▶ **DATA FOR THE TASK**
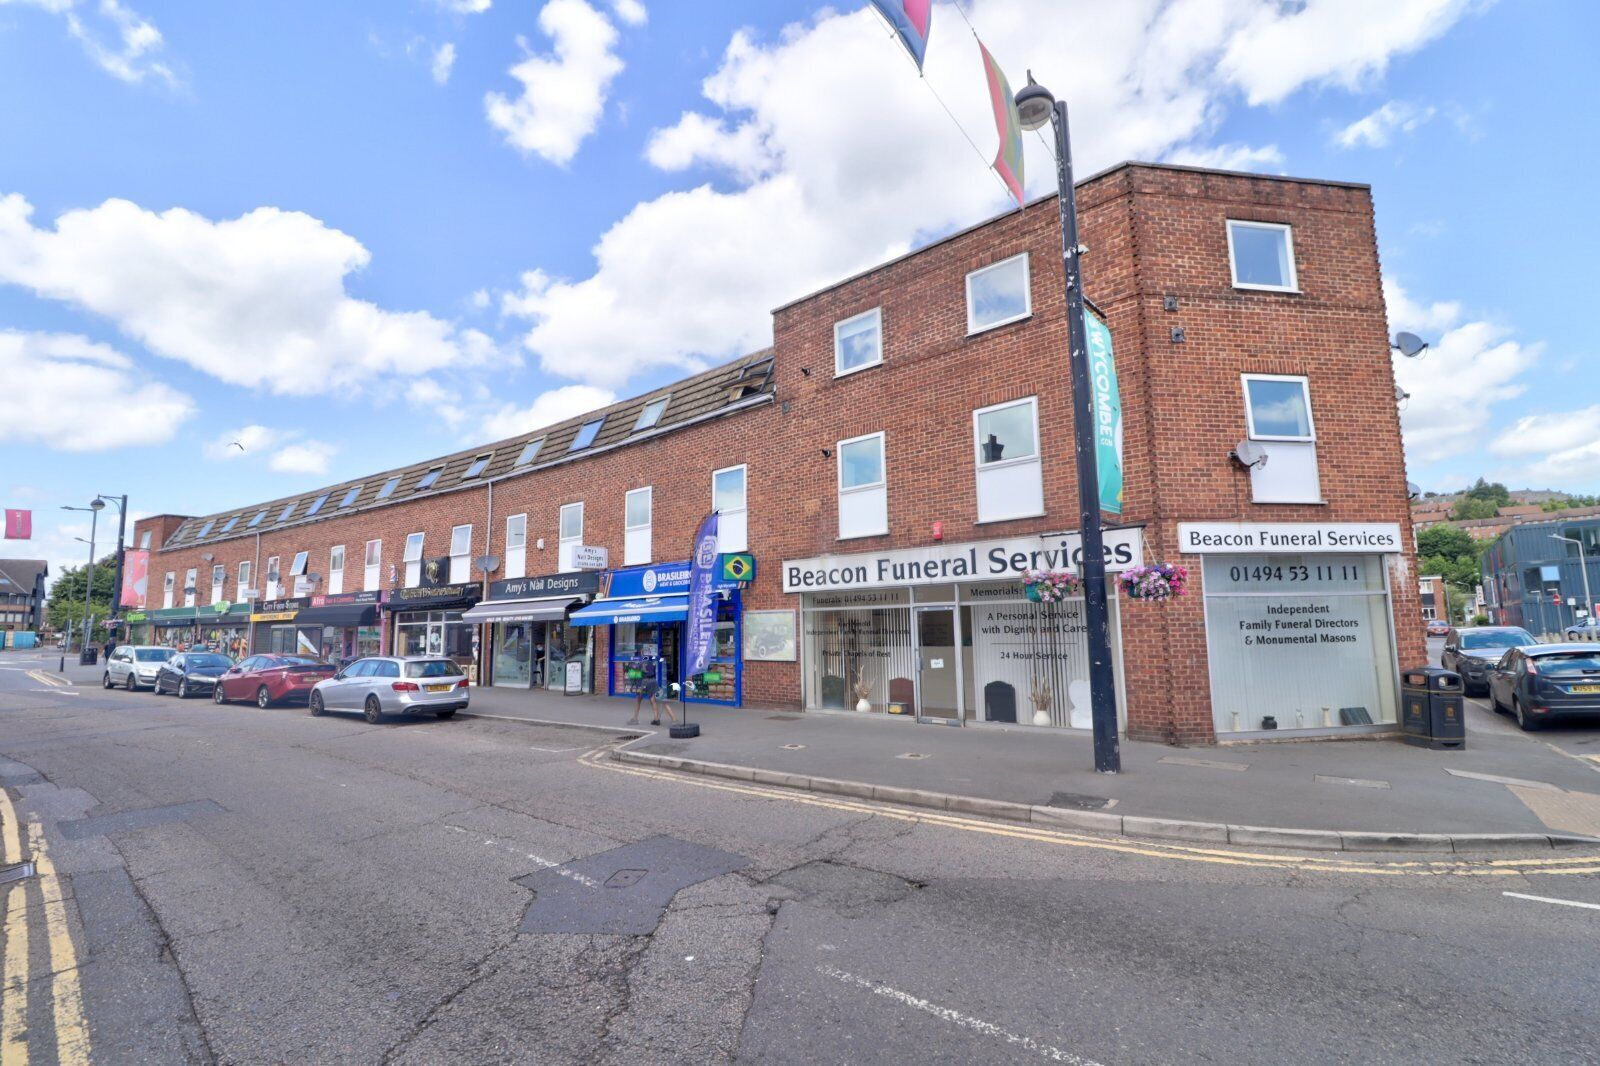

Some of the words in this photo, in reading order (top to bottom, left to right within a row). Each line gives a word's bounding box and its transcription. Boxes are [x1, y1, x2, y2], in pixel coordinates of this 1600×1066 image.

[1190, 531, 1253, 546] Beacon
[1260, 530, 1322, 546] Funeral
[1328, 531, 1394, 546] Services
[788, 565, 868, 587] Beacon
[877, 547, 977, 581] Funeral
[1230, 565, 1283, 581] 01494
[1289, 565, 1309, 581] 53
[1317, 565, 1333, 581] 11
[1342, 565, 1358, 581] 11
[505, 582, 527, 595] Amy's
[529, 579, 544, 590] Nail
[547, 577, 579, 592] Designs
[970, 586, 1022, 597] Memorials:
[987, 612, 994, 620] A
[996, 610, 1038, 620] Personal
[1040, 610, 1079, 620] Service
[1267, 604, 1330, 616] Independent
[696, 573, 713, 669] BRASILEIRO
[1239, 620, 1272, 632] Family
[1275, 619, 1311, 630] Funeral
[1315, 618, 1359, 629] Directors
[981, 625, 1000, 634] with
[1003, 624, 1036, 636] Dignity
[1040, 624, 1059, 633] and
[1062, 623, 1088, 633] Care
[1244, 635, 1253, 646] &
[1256, 634, 1317, 645] Monumental
[1320, 634, 1357, 644] Masons
[1000, 651, 1010, 660] 24
[1013, 652, 1032, 660] Hour
[1035, 651, 1068, 660] Service
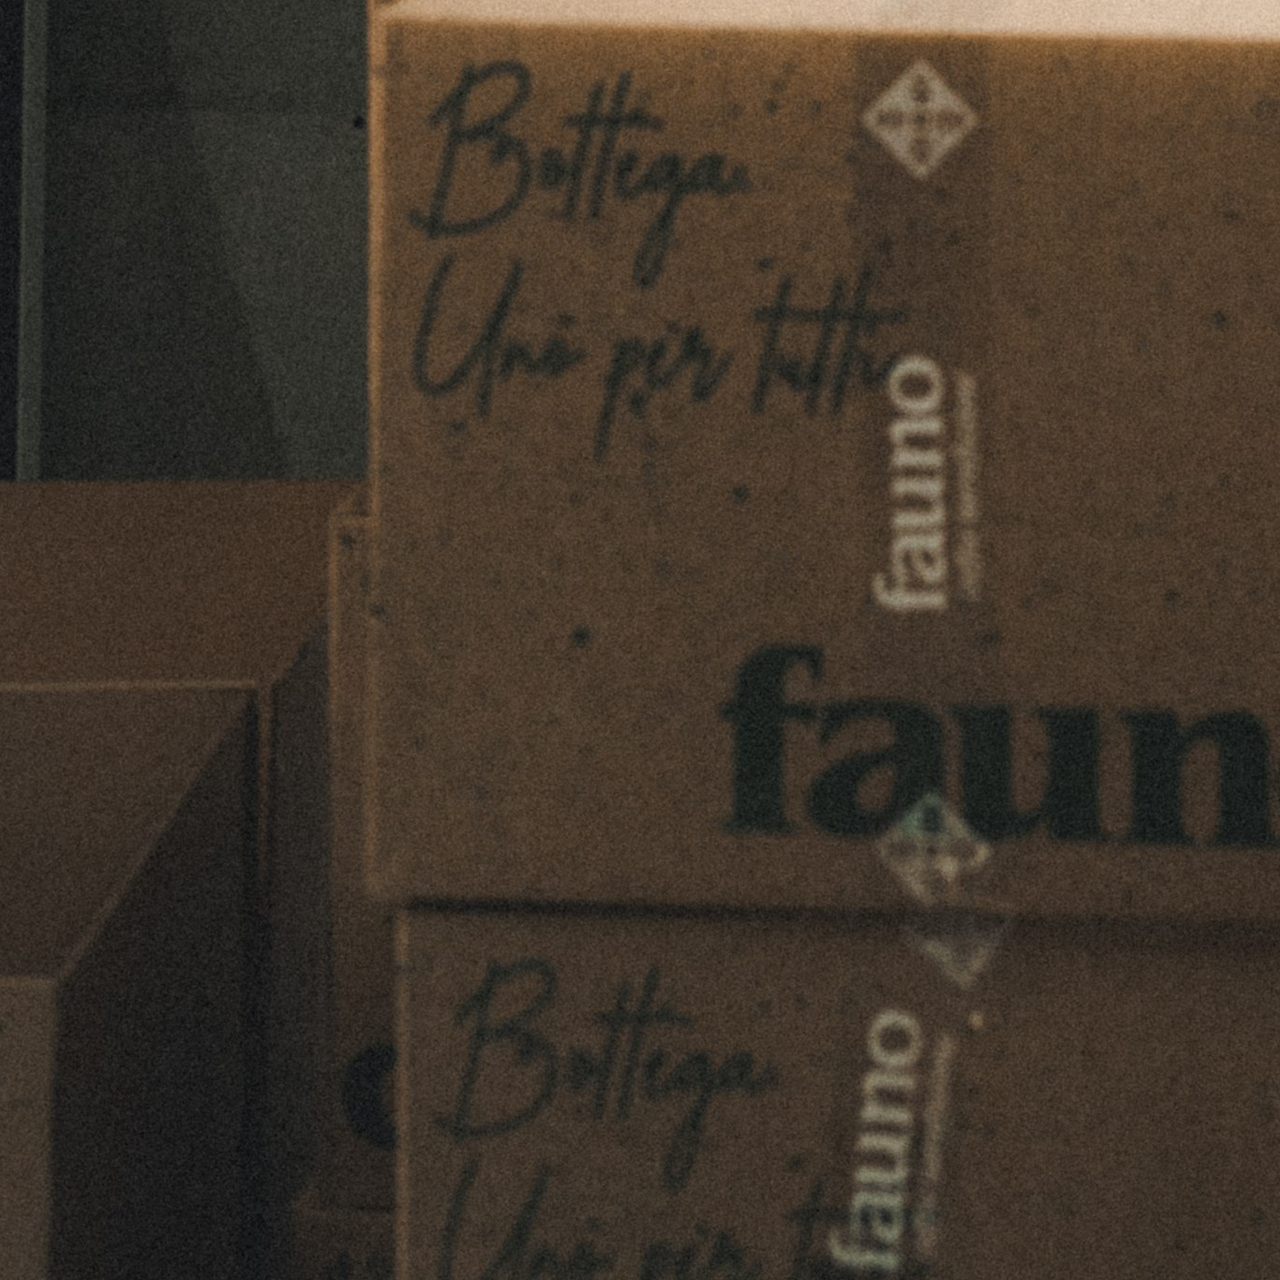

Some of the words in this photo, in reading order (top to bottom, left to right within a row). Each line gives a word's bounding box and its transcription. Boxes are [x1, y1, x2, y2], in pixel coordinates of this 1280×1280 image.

[408, 59, 753, 290] Bottega
[872, 353, 947, 610] fauno
[436, 956, 780, 1191] Bottega
[830, 1009, 925, 1272] fauno

▶ **TO DO**
With pictures excluded, output the listing above exactly as it stands.

▶ **TASK RESPONSE**
Some of the words in this photo, in reading order (top to bottom, left to right within a row). Each line gives a word's bounding box and its transcription. Boxes are [x1, y1, x2, y2], in pixel coordinates of this 1600×1066 image.

[1190, 531, 1253, 546] Beacon
[1260, 530, 1322, 546] Funeral
[1328, 531, 1394, 546] Services
[788, 565, 868, 587] Beacon
[877, 547, 977, 581] Funeral
[1230, 565, 1283, 581] 01494
[1289, 565, 1309, 581] 53
[1317, 565, 1333, 581] 11
[1342, 565, 1358, 581] 11
[505, 582, 527, 595] Amy's
[529, 579, 544, 590] Nail
[547, 577, 579, 592] Designs
[970, 586, 1022, 597] Memorials:
[987, 612, 994, 620] A
[996, 610, 1038, 620] Personal
[1040, 610, 1079, 620] Service
[1267, 604, 1330, 616] Independent
[696, 573, 713, 669] BRASILEIRO
[1239, 620, 1272, 632] Family
[1275, 619, 1311, 630] Funeral
[1315, 618, 1359, 629] Directors
[981, 625, 1000, 634] with
[1003, 624, 1036, 636] Dignity
[1040, 624, 1059, 633] and
[1062, 623, 1088, 633] Care
[1244, 635, 1253, 646] &
[1256, 634, 1317, 645] Monumental
[1320, 634, 1357, 644] Masons
[1000, 651, 1010, 660] 24
[1013, 652, 1032, 660] Hour
[1035, 651, 1068, 660] Service

Some of the words in this photo, in reading order (top to bottom, left to right within a row). Each line gives a word's bounding box and its transcription. Boxes are [x1, y1, x2, y2], in pixel coordinates of this 1280×1280 image.

[408, 59, 753, 290] Bottega
[872, 353, 947, 610] fauno
[436, 956, 780, 1191] Bottega
[830, 1009, 925, 1272] fauno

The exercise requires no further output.